World Bulletin / News Desk
Pope Francis has left Rome for a nine-day pastoral visit to Cuba and the United States Saturday – his longest trip yet as pontiff.
During his travels the Argentinian pope is expected to meet Cuban President Raul Castro as well as Fidel Castro, call for an end to the U.S. embargo on Havana as well as make an appeal for better treatment for dissidents by Cuba’s communist rulers.
The special papal jetliner left Leonardo da Vinci Airport at 10.35 a.m. [0835 GMT] and was due to arrive in Havana at 4 p.m. local time.
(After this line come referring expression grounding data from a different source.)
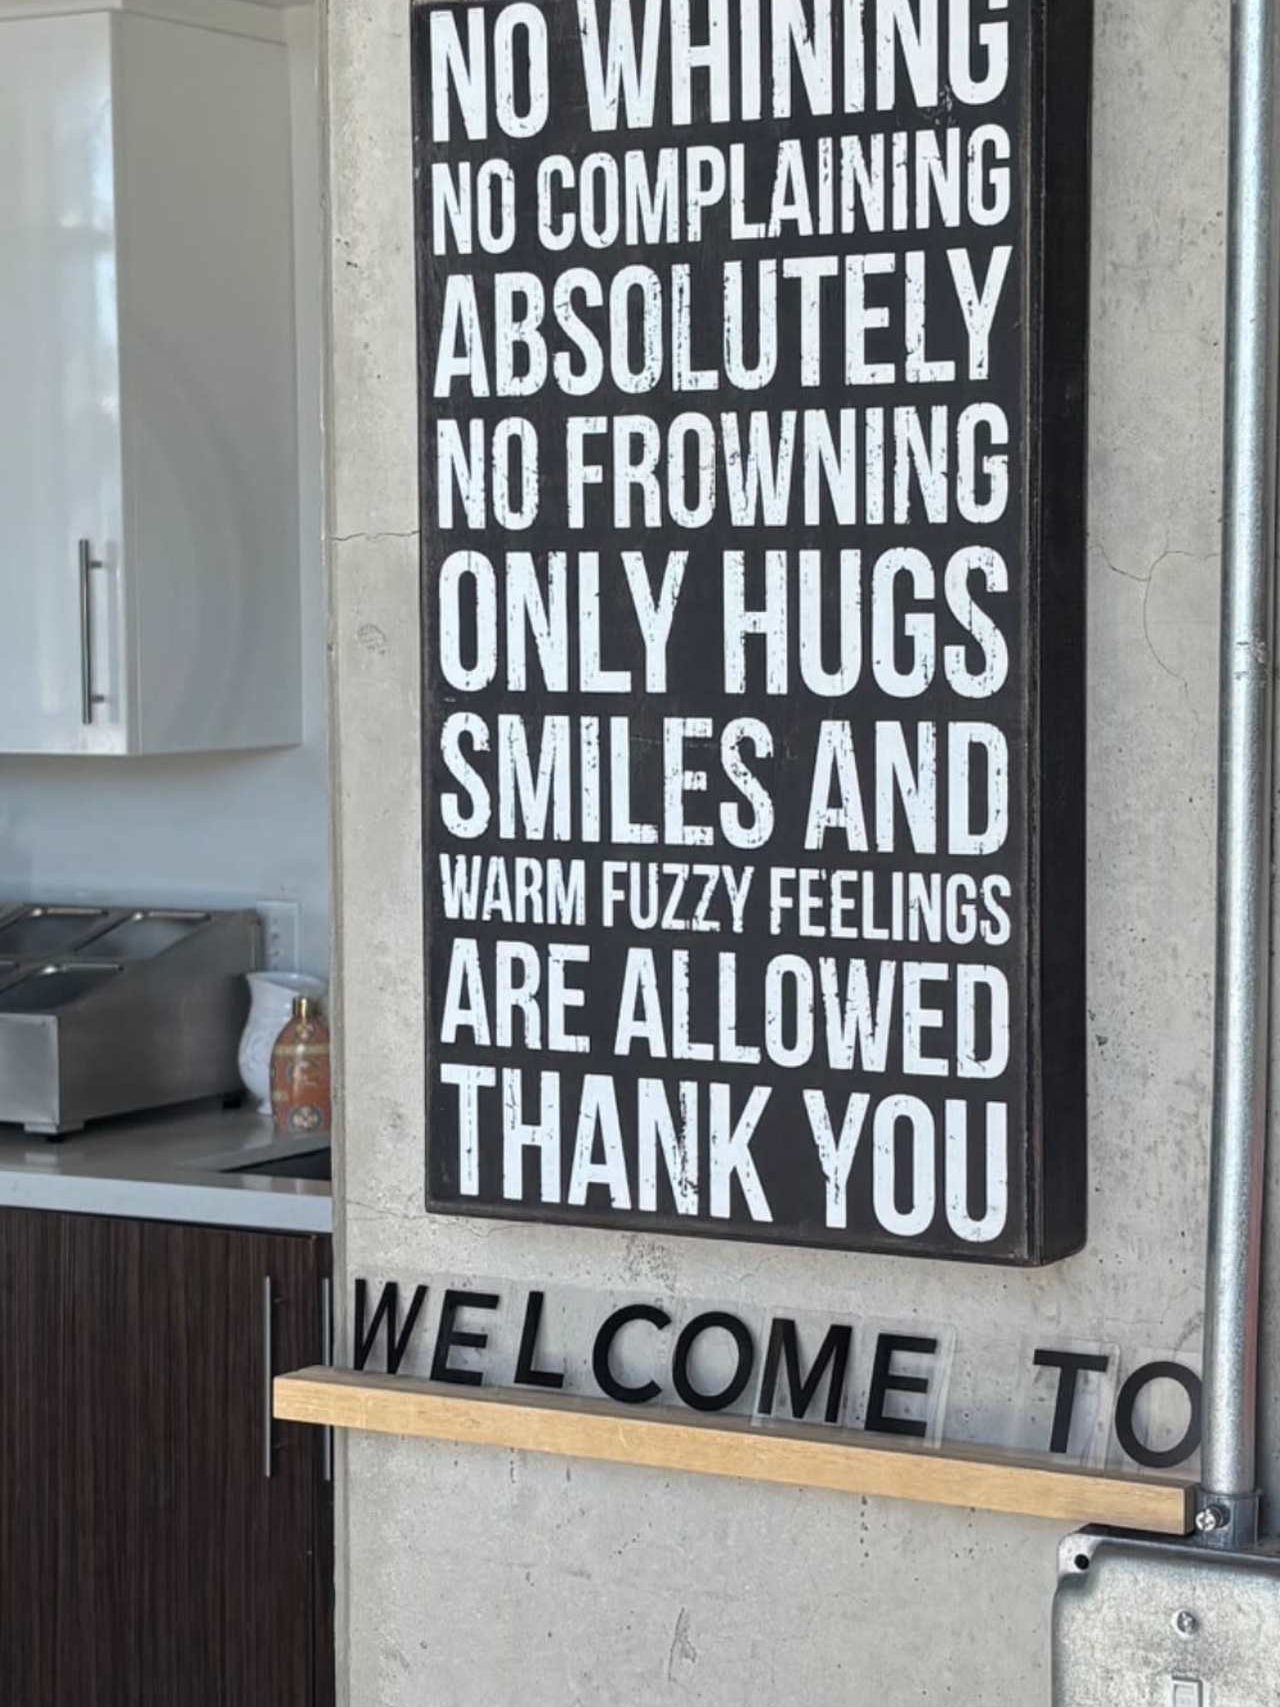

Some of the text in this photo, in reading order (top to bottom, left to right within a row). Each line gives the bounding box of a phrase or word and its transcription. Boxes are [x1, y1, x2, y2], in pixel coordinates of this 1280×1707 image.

[430, 3, 548, 143] NO
[431, 124, 1011, 256] NO COMPLAINING
[433, 245, 1013, 398] ABSOLUTELY
[436, 402, 1009, 530] NO FROWNING
[438, 546, 1009, 699] ONLY HUGS
[439, 712, 1009, 855] SMILES AND
[439, 854, 1011, 945] WARM FUZZY FEELINGS
[440, 938, 1009, 1079] ARE ALLOWED
[440, 1064, 1008, 1243] THANK YOU
[353, 1278, 1205, 1470] WELCOME TO
President Castro was due to meet the 78-year-old pontiff at the Jose Marti International Airport where both men were to make speeches.
On Sunday, Pope Francis' official program starts with a Mass to be celebrated in the vast Plaza de la Revolucion.
The visit to Cuba is the climax of Francis' major personal triumph in engineering a rapprochement and restoration of diplomatic relations between Washington and Cuba, a role that Raul Castro and U.S. President Barack Obama praised in a telephone conversation recently, the White House disclosed.
On Tuesday, Francis will travel to the United States where he will meet President Obama and address both Congress and the United Nations.
The pontiff will stop at Philadelphia to celebrate a major Mass during which his homily, like all his utterances during the trip, will be closely watched for signs of changes in policy on the role of women in the Church and subjects such as priestly celibacy, homosexuality, birth control and the ban on divorced Catholics taking communion at Mass.
The Vatican's white-and-yellow flag will for the first time be hoisted over the UN headquarters in New York, Sept. 25 – the morning after the pontiff arrives in the city.
This follows a decision by the UN general assembly last week to allow countries with observer status such as the Vatican and Palestine to fly their flags at the UN.